Tax included.
Glasgow put on its gladrags, in 1930, for the ceremonial unveiling of the city's new Mercat (market) Cross.
Market crosses like this are found all over Scotland to mark the places where markets were legally held and this example represents one removed from Glasgow Cross in 1659. A town's cross was often its symbolic centre as markets and other communal events took place beside it and the absence of such an important monument must have caused a bit of a dent in civic pride. The new cross was paid for by Dr William Black and his wife and its inauguration on 24 April 1930 was a day of great pomp and ceremony. The next day`s Glasgow Herald reported that:
Probably not since 1649 when Charles II was proclaimed King to the accompaniment of a carillon from the city bells, has the Mercat Cross been the centre of such striking ceremonial… The gold, scarlet, and blue robes of the Lyon King of Arms and his heralds and pursuivants struck a note of brilliance, and stood out in bold relief against the black and ermine gowns of the Lord Provost and Magistrates… That pomp and circumstance, those gorgeous robes, the royal greeting, the arresting sound of the trumpets, the whole magnificent pageant, belonged not to that day alone, but to centuries of that past life which has made us a great nation.

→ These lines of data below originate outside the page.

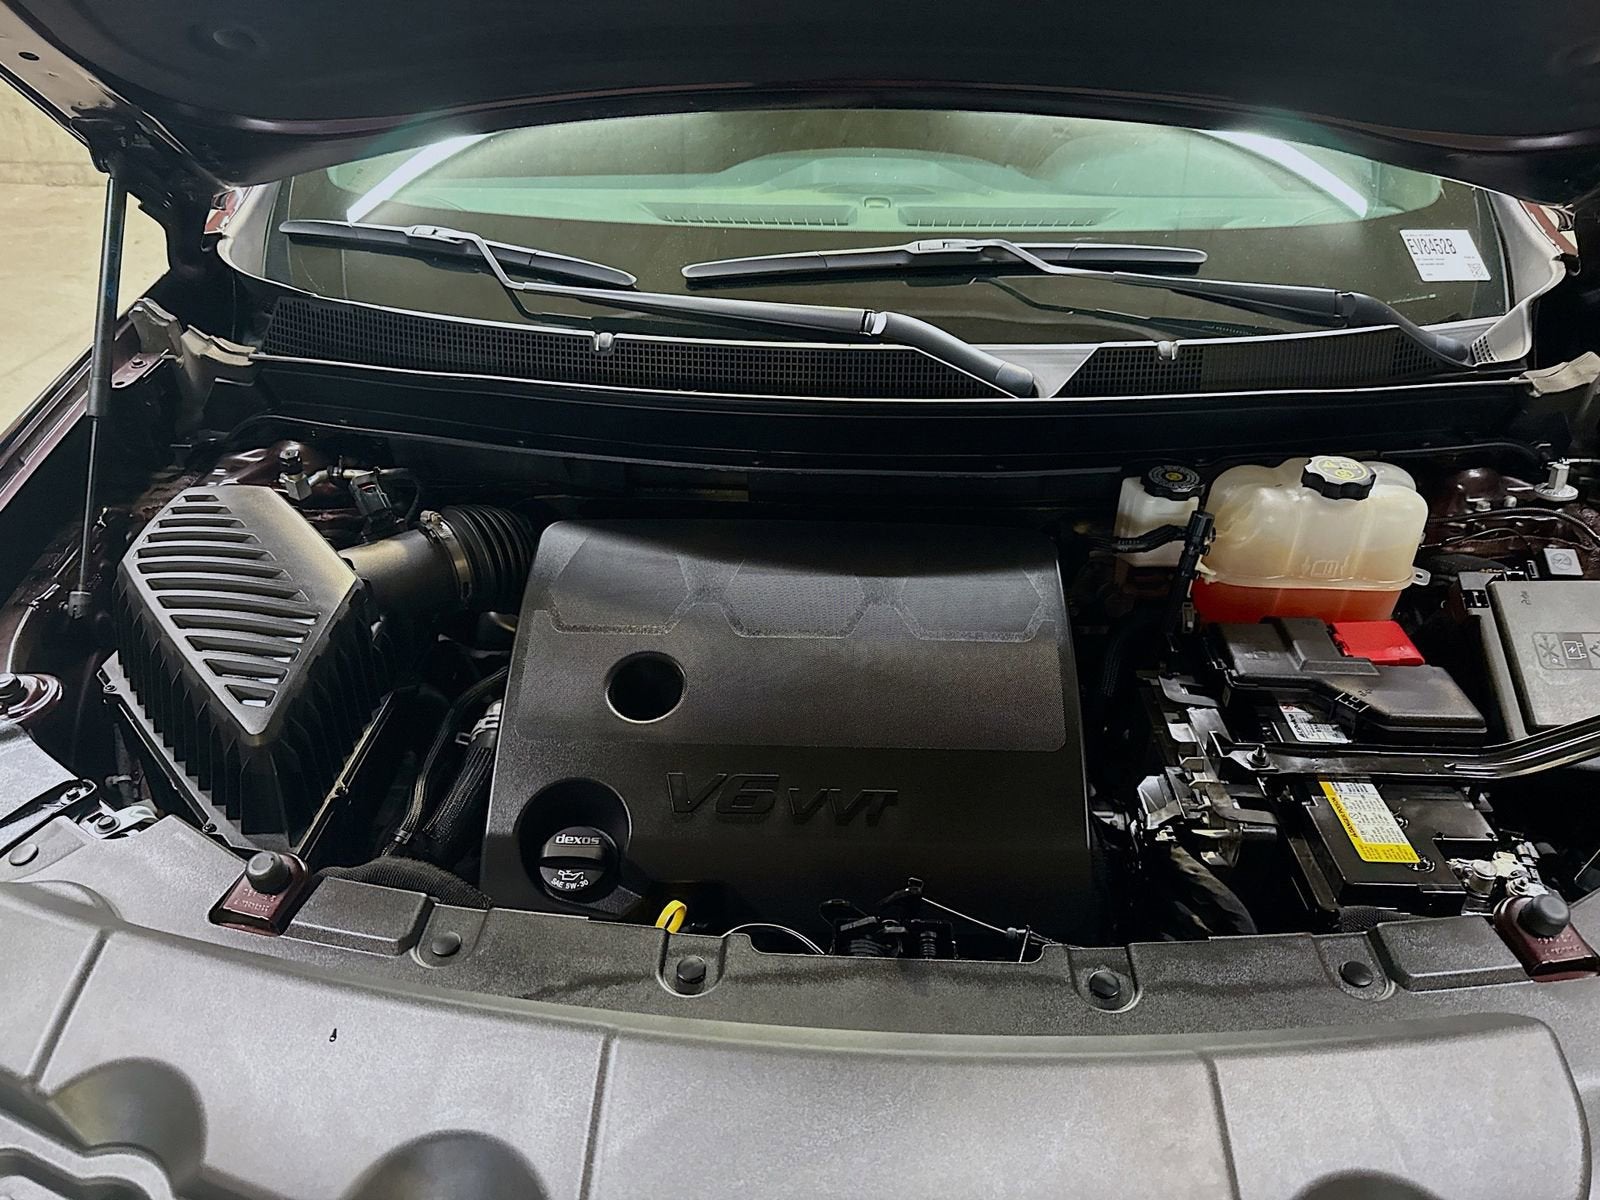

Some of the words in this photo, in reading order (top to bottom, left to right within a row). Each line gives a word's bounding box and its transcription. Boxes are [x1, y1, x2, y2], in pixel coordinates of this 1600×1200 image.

[666, 772, 780, 820] V6
[788, 787, 899, 825] VVT
[555, 834, 601, 845] dexos
[551, 878, 565, 889] SAE
[565, 880, 589, 890] 5W-30
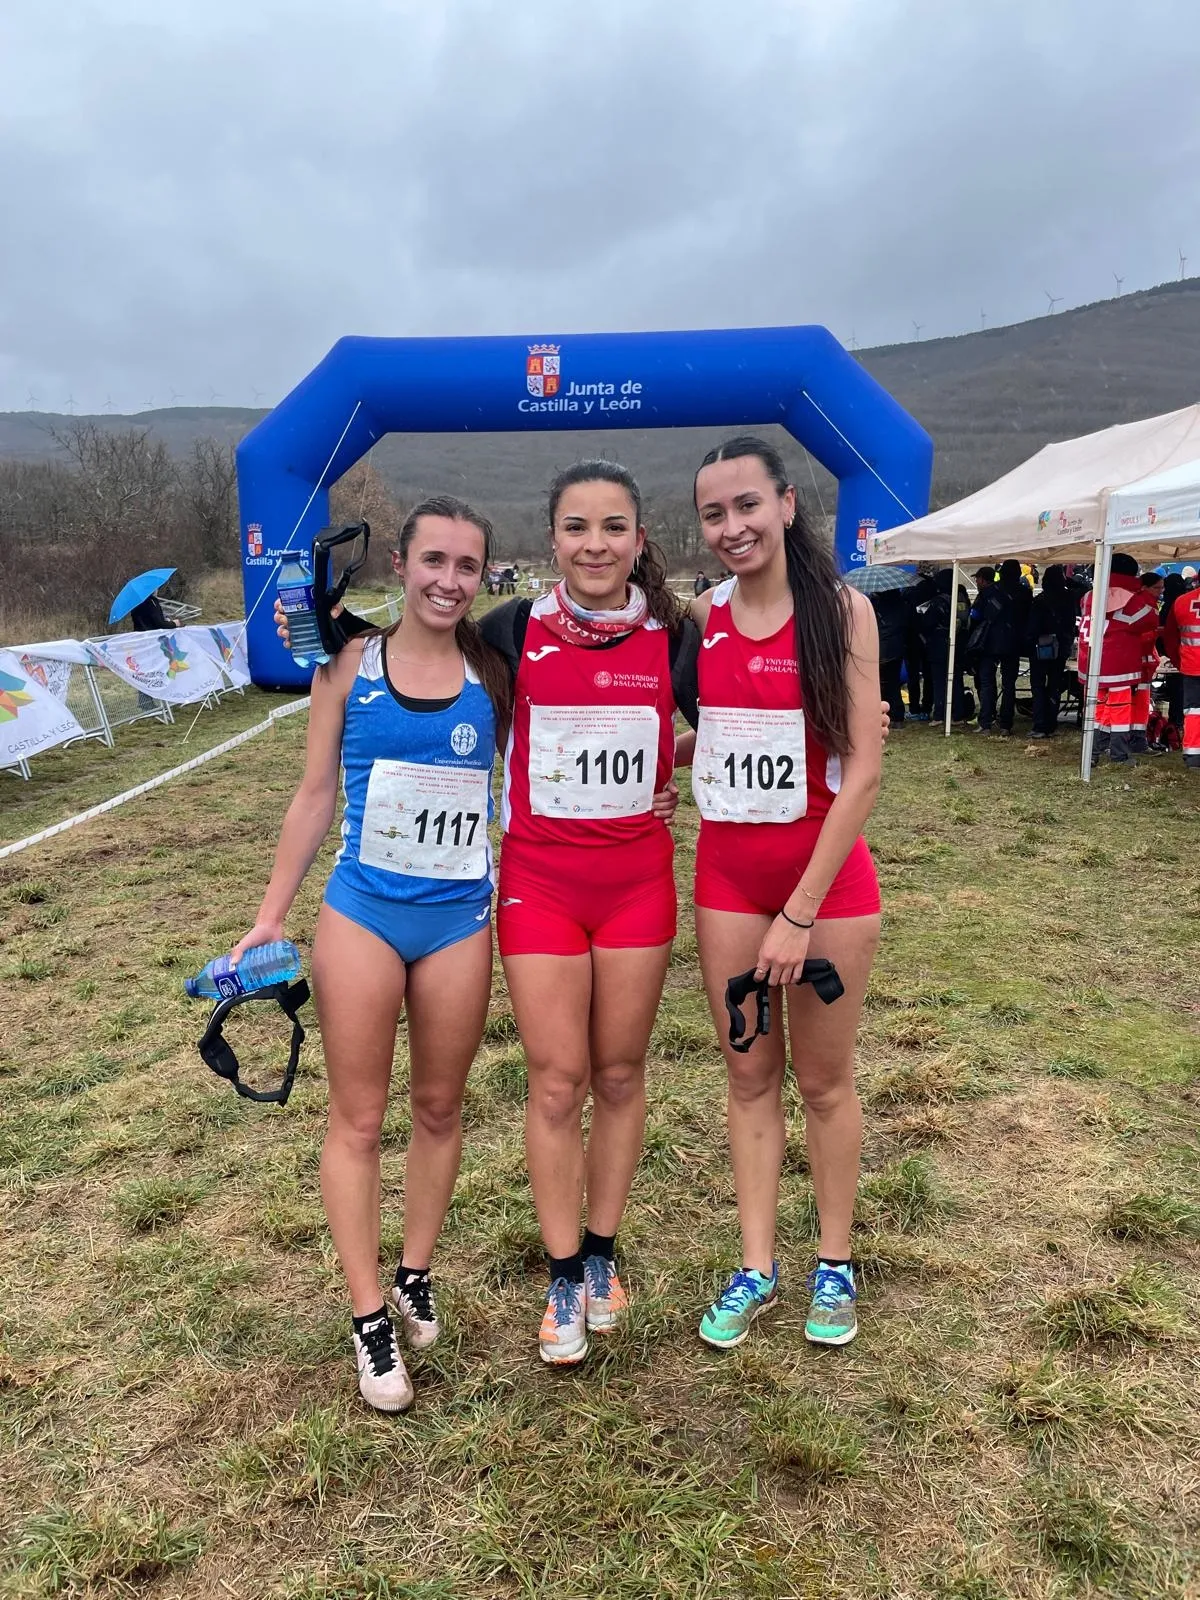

The structure is in the form of an octagonal tower with the cross (which is topped by a heraldic unicorn holding a shield) rising high above it. On the tower`s western side a plaque declares that this is The Mercat Cross of Glasgow, built in the year of grace 1929. Above that is the coat of arms of the city with its motto Let Glasgow flourish.
The Cross was the work of Edith Burnet Hughes, considered Britain's first practising woman architect, having established her own studio in 1920.